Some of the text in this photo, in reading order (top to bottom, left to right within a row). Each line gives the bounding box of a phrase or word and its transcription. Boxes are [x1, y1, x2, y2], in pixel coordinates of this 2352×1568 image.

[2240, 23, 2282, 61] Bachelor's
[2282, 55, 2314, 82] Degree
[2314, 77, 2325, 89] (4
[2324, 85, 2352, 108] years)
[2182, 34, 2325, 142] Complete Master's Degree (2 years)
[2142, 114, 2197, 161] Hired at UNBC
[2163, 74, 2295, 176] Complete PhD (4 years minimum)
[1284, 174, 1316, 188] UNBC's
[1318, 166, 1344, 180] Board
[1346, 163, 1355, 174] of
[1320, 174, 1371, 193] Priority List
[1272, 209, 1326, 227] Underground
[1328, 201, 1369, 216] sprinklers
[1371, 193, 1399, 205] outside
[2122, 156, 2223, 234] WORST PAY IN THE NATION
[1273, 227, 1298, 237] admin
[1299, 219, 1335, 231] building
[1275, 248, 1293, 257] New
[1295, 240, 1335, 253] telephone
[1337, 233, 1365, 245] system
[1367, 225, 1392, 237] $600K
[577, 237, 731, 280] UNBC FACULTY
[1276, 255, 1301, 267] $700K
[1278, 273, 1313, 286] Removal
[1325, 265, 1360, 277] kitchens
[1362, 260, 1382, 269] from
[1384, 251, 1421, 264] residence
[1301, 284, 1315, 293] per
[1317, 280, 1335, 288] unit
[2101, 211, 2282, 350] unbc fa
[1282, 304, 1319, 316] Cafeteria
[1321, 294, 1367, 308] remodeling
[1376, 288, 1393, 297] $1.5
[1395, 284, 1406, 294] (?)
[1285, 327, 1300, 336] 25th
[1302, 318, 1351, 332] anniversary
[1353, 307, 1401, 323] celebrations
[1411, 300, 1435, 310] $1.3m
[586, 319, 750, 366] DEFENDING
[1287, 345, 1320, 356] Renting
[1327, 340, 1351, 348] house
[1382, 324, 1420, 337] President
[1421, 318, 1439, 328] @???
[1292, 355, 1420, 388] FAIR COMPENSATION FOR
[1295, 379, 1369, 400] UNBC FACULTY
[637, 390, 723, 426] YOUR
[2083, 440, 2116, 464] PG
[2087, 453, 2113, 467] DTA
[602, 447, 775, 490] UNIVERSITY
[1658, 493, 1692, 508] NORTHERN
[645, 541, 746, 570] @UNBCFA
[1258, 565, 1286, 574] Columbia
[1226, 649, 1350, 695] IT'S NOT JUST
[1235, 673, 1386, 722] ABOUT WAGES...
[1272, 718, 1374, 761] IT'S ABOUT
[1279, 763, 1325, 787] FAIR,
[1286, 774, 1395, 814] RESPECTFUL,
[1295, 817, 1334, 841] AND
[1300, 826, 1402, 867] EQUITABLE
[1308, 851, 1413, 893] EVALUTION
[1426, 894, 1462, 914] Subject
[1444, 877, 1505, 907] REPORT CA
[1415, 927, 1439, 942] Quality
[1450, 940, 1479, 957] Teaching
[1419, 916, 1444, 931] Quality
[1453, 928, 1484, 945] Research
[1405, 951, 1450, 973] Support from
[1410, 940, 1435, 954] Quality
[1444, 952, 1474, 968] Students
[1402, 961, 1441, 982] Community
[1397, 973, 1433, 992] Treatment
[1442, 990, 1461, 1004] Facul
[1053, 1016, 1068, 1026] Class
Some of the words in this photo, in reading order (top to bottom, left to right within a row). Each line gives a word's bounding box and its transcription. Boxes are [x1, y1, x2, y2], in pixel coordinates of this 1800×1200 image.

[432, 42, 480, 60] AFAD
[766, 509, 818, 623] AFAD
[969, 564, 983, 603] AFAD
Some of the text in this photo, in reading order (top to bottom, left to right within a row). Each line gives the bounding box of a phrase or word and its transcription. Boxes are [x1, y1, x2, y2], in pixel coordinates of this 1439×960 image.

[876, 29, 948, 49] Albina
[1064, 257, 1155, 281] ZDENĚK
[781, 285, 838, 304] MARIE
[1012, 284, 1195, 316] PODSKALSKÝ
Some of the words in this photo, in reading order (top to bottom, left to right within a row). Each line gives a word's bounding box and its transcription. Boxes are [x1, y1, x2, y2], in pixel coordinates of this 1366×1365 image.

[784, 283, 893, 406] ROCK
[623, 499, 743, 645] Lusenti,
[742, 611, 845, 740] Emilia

ABOUT THIS EXERCISE:
Exactly as they appear above, copy out all the records.

TASK SOLUTION:
Some of the text in this photo, in reading order (top to bottom, left to right within a row). Each line gives the bounding box of a phrase or word and its transcription. Boxes are [x1, y1, x2, y2], in pixel coordinates of this 2352×1568 image.

[2240, 23, 2282, 61] Bachelor's
[2282, 55, 2314, 82] Degree
[2314, 77, 2325, 89] (4
[2324, 85, 2352, 108] years)
[2182, 34, 2325, 142] Complete Master's Degree (2 years)
[2142, 114, 2197, 161] Hired at UNBC
[2163, 74, 2295, 176] Complete PhD (4 years minimum)
[1284, 174, 1316, 188] UNBC's
[1318, 166, 1344, 180] Board
[1346, 163, 1355, 174] of
[1320, 174, 1371, 193] Priority List
[1272, 209, 1326, 227] Underground
[1328, 201, 1369, 216] sprinklers
[1371, 193, 1399, 205] outside
[2122, 156, 2223, 234] WORST PAY IN THE NATION
[1273, 227, 1298, 237] admin
[1299, 219, 1335, 231] building
[1275, 248, 1293, 257] New
[1295, 240, 1335, 253] telephone
[1337, 233, 1365, 245] system
[1367, 225, 1392, 237] $600K
[577, 237, 731, 280] UNBC FACULTY
[1276, 255, 1301, 267] $700K
[1278, 273, 1313, 286] Removal
[1325, 265, 1360, 277] kitchens
[1362, 260, 1382, 269] from
[1384, 251, 1421, 264] residence
[1301, 284, 1315, 293] per
[1317, 280, 1335, 288] unit
[2101, 211, 2282, 350] unbc fa
[1282, 304, 1319, 316] Cafeteria
[1321, 294, 1367, 308] remodeling
[1376, 288, 1393, 297] $1.5
[1395, 284, 1406, 294] (?)
[1285, 327, 1300, 336] 25th
[1302, 318, 1351, 332] anniversary
[1353, 307, 1401, 323] celebrations
[1411, 300, 1435, 310] $1.3m
[586, 319, 750, 366] DEFENDING
[1287, 345, 1320, 356] Renting
[1327, 340, 1351, 348] house
[1382, 324, 1420, 337] President
[1421, 318, 1439, 328] @???
[1292, 355, 1420, 388] FAIR COMPENSATION FOR
[1295, 379, 1369, 400] UNBC FACULTY
[637, 390, 723, 426] YOUR
[2083, 440, 2116, 464] PG
[2087, 453, 2113, 467] DTA
[602, 447, 775, 490] UNIVERSITY
[1658, 493, 1692, 508] NORTHERN
[645, 541, 746, 570] @UNBCFA
[1258, 565, 1286, 574] Columbia
[1226, 649, 1350, 695] IT'S NOT JUST
[1235, 673, 1386, 722] ABOUT WAGES...
[1272, 718, 1374, 761] IT'S ABOUT
[1279, 763, 1325, 787] FAIR,
[1286, 774, 1395, 814] RESPECTFUL,
[1295, 817, 1334, 841] AND
[1300, 826, 1402, 867] EQUITABLE
[1308, 851, 1413, 893] EVALUTION
[1426, 894, 1462, 914] Subject
[1444, 877, 1505, 907] REPORT CA
[1415, 927, 1439, 942] Quality
[1450, 940, 1479, 957] Teaching
[1419, 916, 1444, 931] Quality
[1453, 928, 1484, 945] Research
[1405, 951, 1450, 973] Support from
[1410, 940, 1435, 954] Quality
[1444, 952, 1474, 968] Students
[1402, 961, 1441, 982] Community
[1397, 973, 1433, 992] Treatment
[1442, 990, 1461, 1004] Facul
[1053, 1016, 1068, 1026] Class
Some of the words in this photo, in reading order (top to bottom, left to right within a row). Each line gives a word's bounding box and its transcription. Boxes are [x1, y1, x2, y2], in pixel coordinates of this 1800×1200 image.

[432, 42, 480, 60] AFAD
[766, 509, 818, 623] AFAD
[969, 564, 983, 603] AFAD
Some of the text in this photo, in reading order (top to bottom, left to right within a row). Each line gives the bounding box of a phrase or word and its transcription. Boxes are [x1, y1, x2, y2], in pixel coordinates of this 1439×960 image.

[876, 29, 948, 49] Albina
[1064, 257, 1155, 281] ZDENĚK
[781, 285, 838, 304] MARIE
[1012, 284, 1195, 316] PODSKALSKÝ
Some of the words in this photo, in reading order (top to bottom, left to right within a row). Each line gives a word's bounding box and its transcription. Boxes are [x1, y1, x2, y2], in pixel coordinates of this 1366×1365 image.

[784, 283, 893, 406] ROCK
[623, 499, 743, 645] Lusenti,
[742, 611, 845, 740] Emilia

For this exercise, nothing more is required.